2) A prohibition on abortions solely for the purpose of an unborn child’s race, sex, national origin, potential disability or Down syndrome.

2. The Court reversed a Seventh Circuit ruling that blocked Indiana law requiring the humane disposal of aborted babies through burial or cremation. Since 1973 and until this ruling, aborted babies in Indiana have been treated as common medical waste or garbage. One former abortion clinic employee testified before an Indiana legislative committee that she watched aborted babies being flushed down a drain into the Indianapolis sewer system.

3. The Supreme Court decided not to consider the issue concerning the civil rights protections, but did leave the issue open for future consideration, noting, “Our opinion likewise expresses no view on the merits of the second question presented, i.e., whether Indiana may prohibit the knowing provision of sex, race, and disability selective abortions by abortion providers. Only the Seventh Circuit has thus far addressed this kind of law. We follow our ordinary practice of denying petitions insofar as they raise legal issues that have not been considered by additional Courts of Appeals.”

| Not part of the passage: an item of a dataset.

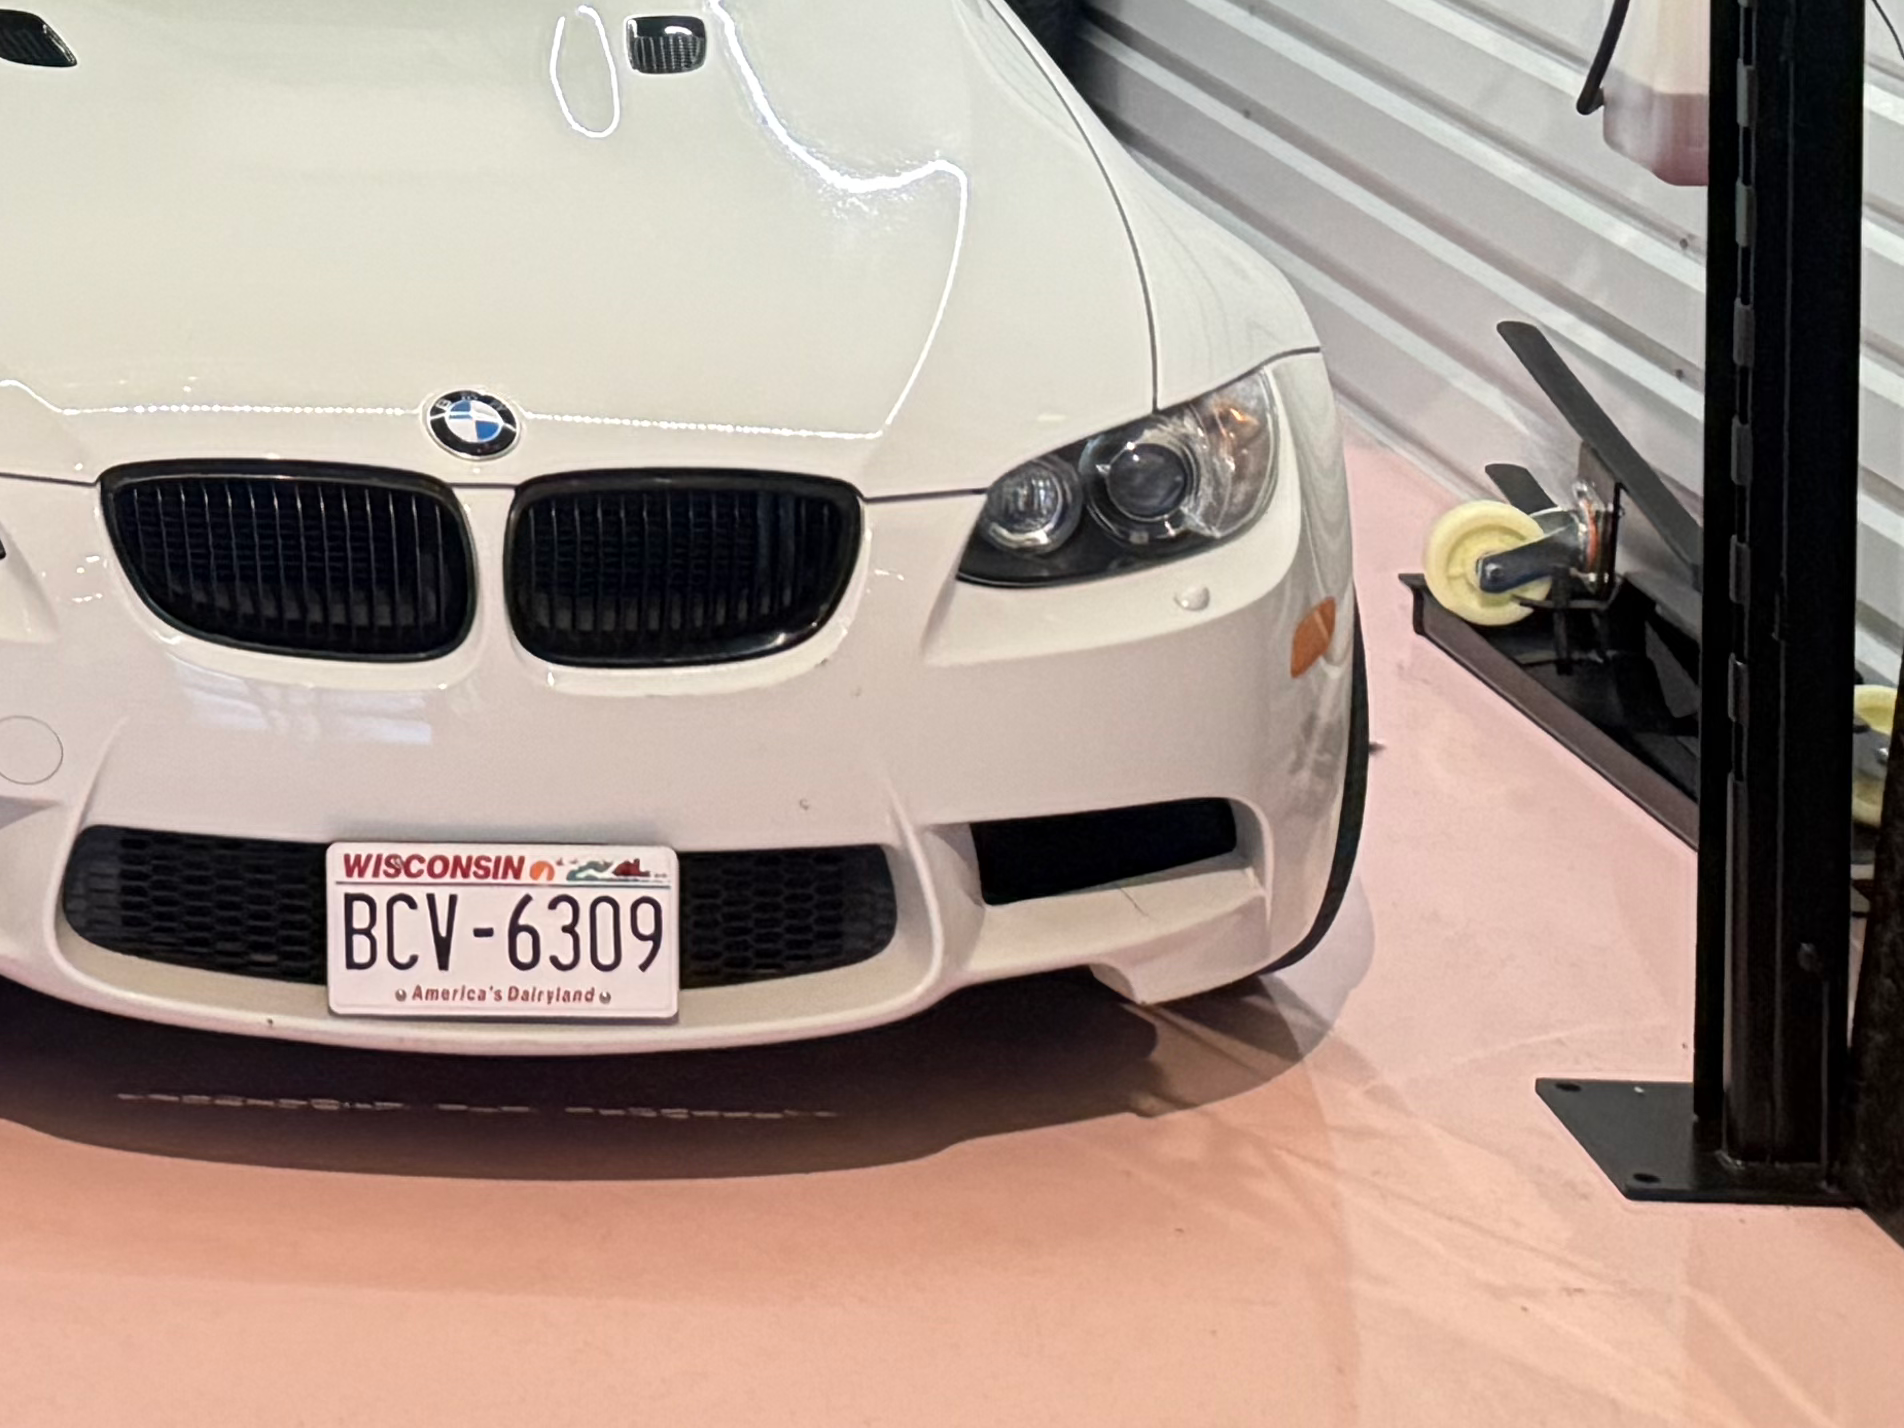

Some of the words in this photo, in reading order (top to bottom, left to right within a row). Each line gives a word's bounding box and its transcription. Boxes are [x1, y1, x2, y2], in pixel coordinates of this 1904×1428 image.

[343, 853, 526, 880] WISCONSIN
[344, 892, 663, 973] BCV-6309
[412, 985, 503, 1003] America's
[507, 985, 596, 1005] Dairyland

4. The Court’s opinion was issued per curiam, meaning an opinion by the Court as a whole that does not identify any particular justice as the author. Justice Thomas wrote a concurring opinion while Justice Ginsberg wrote a dissenting and concurring opinion stating she would have denied Indiana’s petition for review in its entirety. Justice Sotomayor stated separately that she would have denied the petition in its entirety.

5. The Court is also expected to decide soon if it will hear Indiana’s appeal on another provision of HEA 1337 requiring that a woman considering an abortion be provided with the opportunity to view an ultrasound of her unborn baby at least 18 hours prior to an abortion. The ultrasound provision is currently blocked by the Seventh Circuit, leading to a rise in abortions in Indiana.